One night, when Mashd-i Hasan is on a trip, strangers raid the village and
the cow is found dead in the shed the following morning. The elders of the
village, under the leadership of a man named Islam, decide to conceal the
tragedy from the sensitive Mashd-i Hasan. When he returns, he is told that the
cow has run away. Mashd-i Hasan is not convinced. To make his point, he
takes her place in the cowshed and gradually adopts the cow's behaviour. The
villagers try their utmost to talk sense into him and to cure him with
traditional herbs, magic and prayer. When all else fails, they decide to take
their friend-turned-cow into town for a medical examination. Led by Islam,
three of them tie his hands together with a rope and drag him to town. Worn
out by the resistance and the long walk in constant heavy rain, Islam, in a
touching scene, loses his temper and starts beating and flogging Mashd-i
Hasan, as if he were indeed an obstinate farm animal. Mashd-i Hasan then
seizes the first opportunity to throw himself off the hilltop and dies.

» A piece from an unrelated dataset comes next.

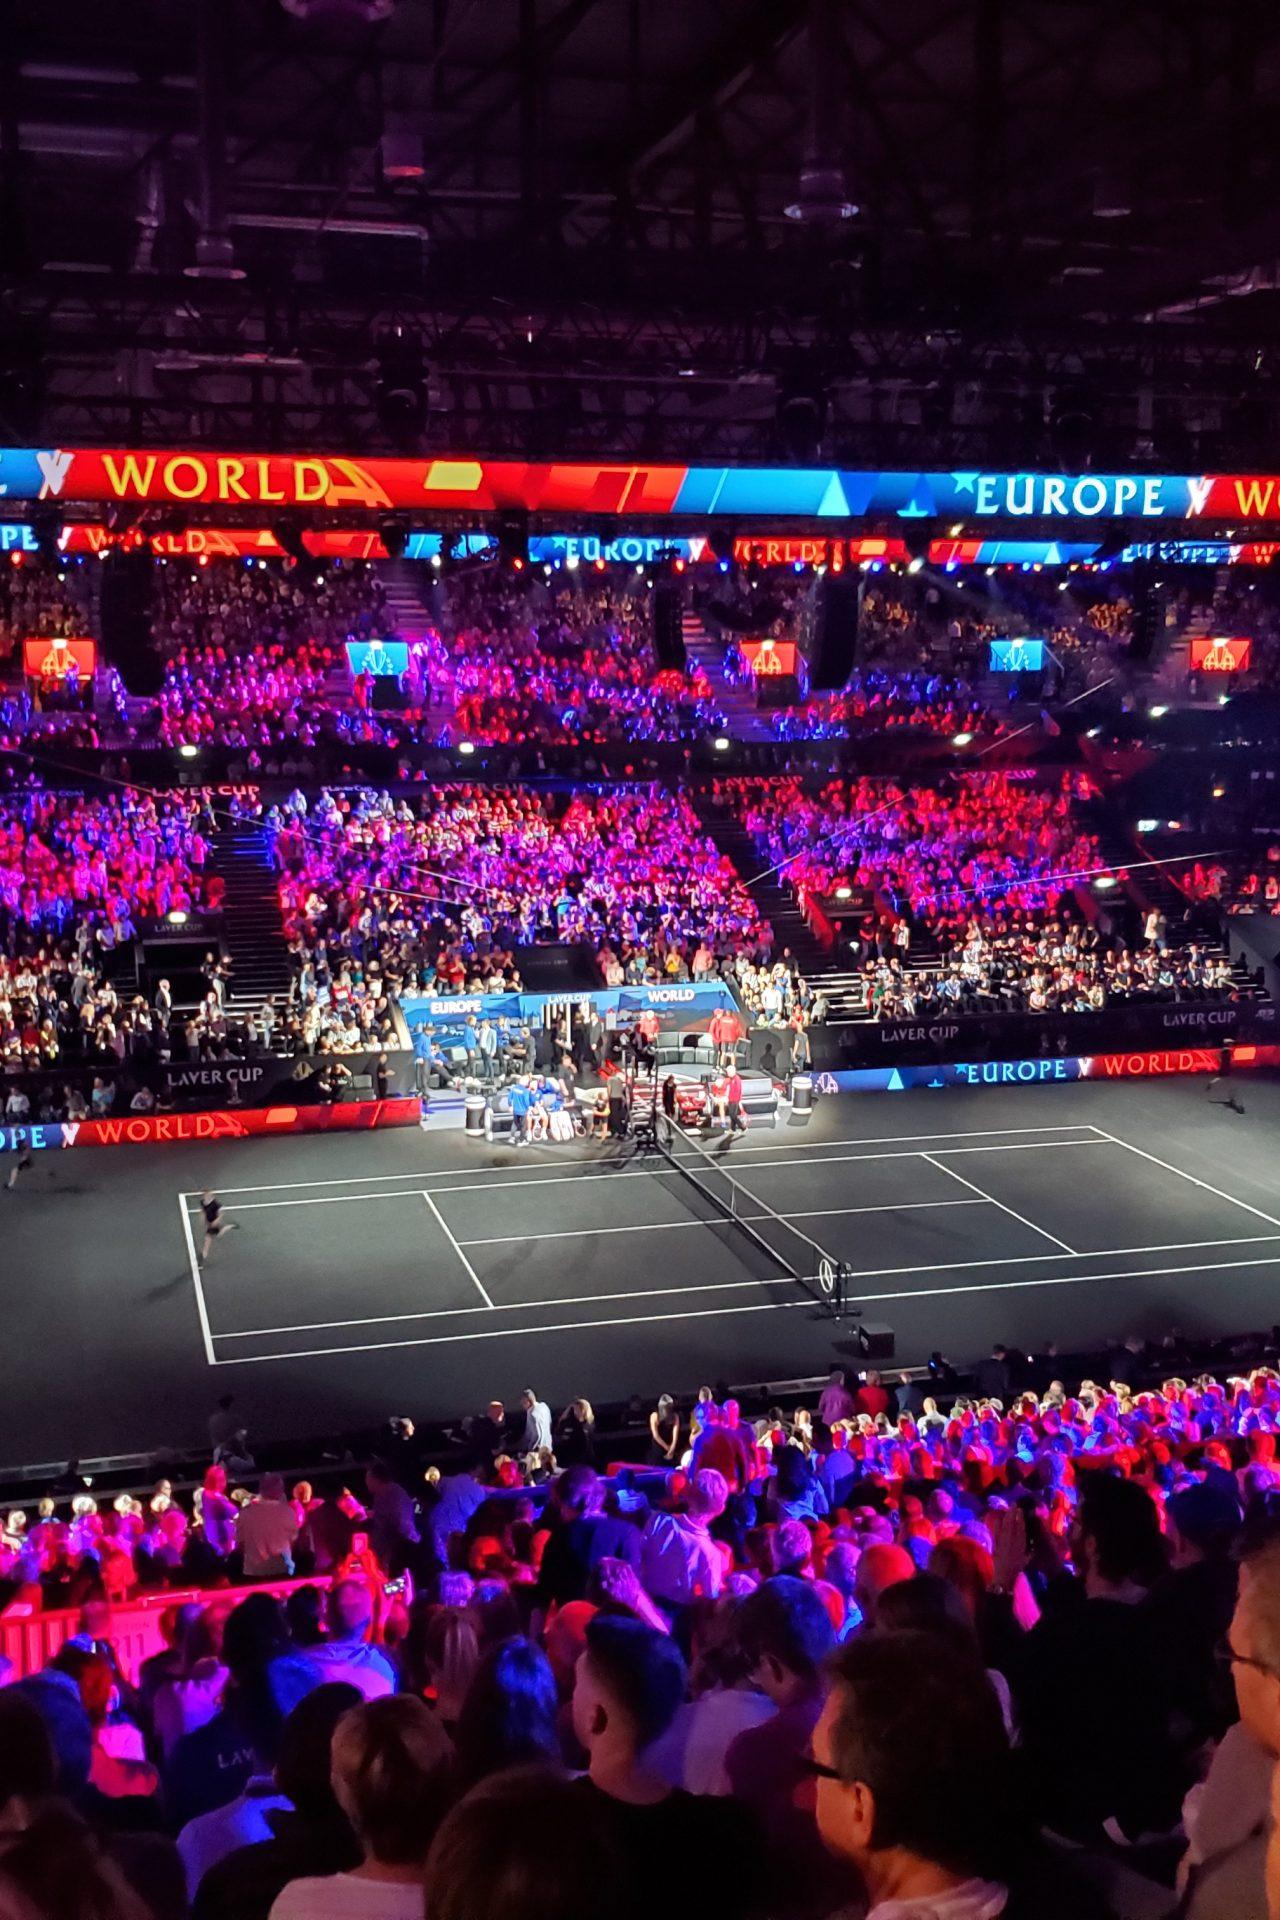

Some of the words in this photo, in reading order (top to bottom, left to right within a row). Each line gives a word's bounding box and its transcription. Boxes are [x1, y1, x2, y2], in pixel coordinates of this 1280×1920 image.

The good represented by the cow is the absolute good of a lost paradise of
a mythological past. 21 After his cow's death, Mashd-i Hasan first builds a
wall of denial by becoming the cow, and then commits suicide, which allows
him to follow his beloved. The Cow suggests that already a decade before the
Revolution, members of Iran's westernized elite - such as this film's director,
a UCLA alumnus, sensed a profound cultural disorientation. Mehrju'i warns
that surrendering to an insatiable desire for an illusory primordial utopia
could lead to collective suicide, or Thanatos on a National Scale, as one
scholar puts it.22 And so, while Mrs Ahu 's Husband offers two clearly char
yet totally incompatible female-imaged directions from which one may
choose, The Cow rules out choice as its 'female compass' points to downright
confusion, delusion and death.
As this crisis of meaning was unfolding on the big screen, it was during
this very period, 1969-71, that the two major ideologues of the Revolution,
Ayatollah Khomeini and social thinker Ali Shari'ati, charted their Islamist
discourse. As if sensing the loss of meaning, the regime itself in the same
period embarked on an attempt to reinvent its own ideology by creating the
concept of 'The Great Civilization', which presented Iran as an eternal and
glorious monarchy.23 While these conflicting ideologies made sense to some,
the overall result was a growing confusion also fuelled by a myriad of social
problems.
The death of feminine wholeness and wholesomeness, as represented by
the cow, cleared the way for a new type of female character. These women
were often weak and undecided, and in the following movies, violence and
erotic needs became much more directly expressed.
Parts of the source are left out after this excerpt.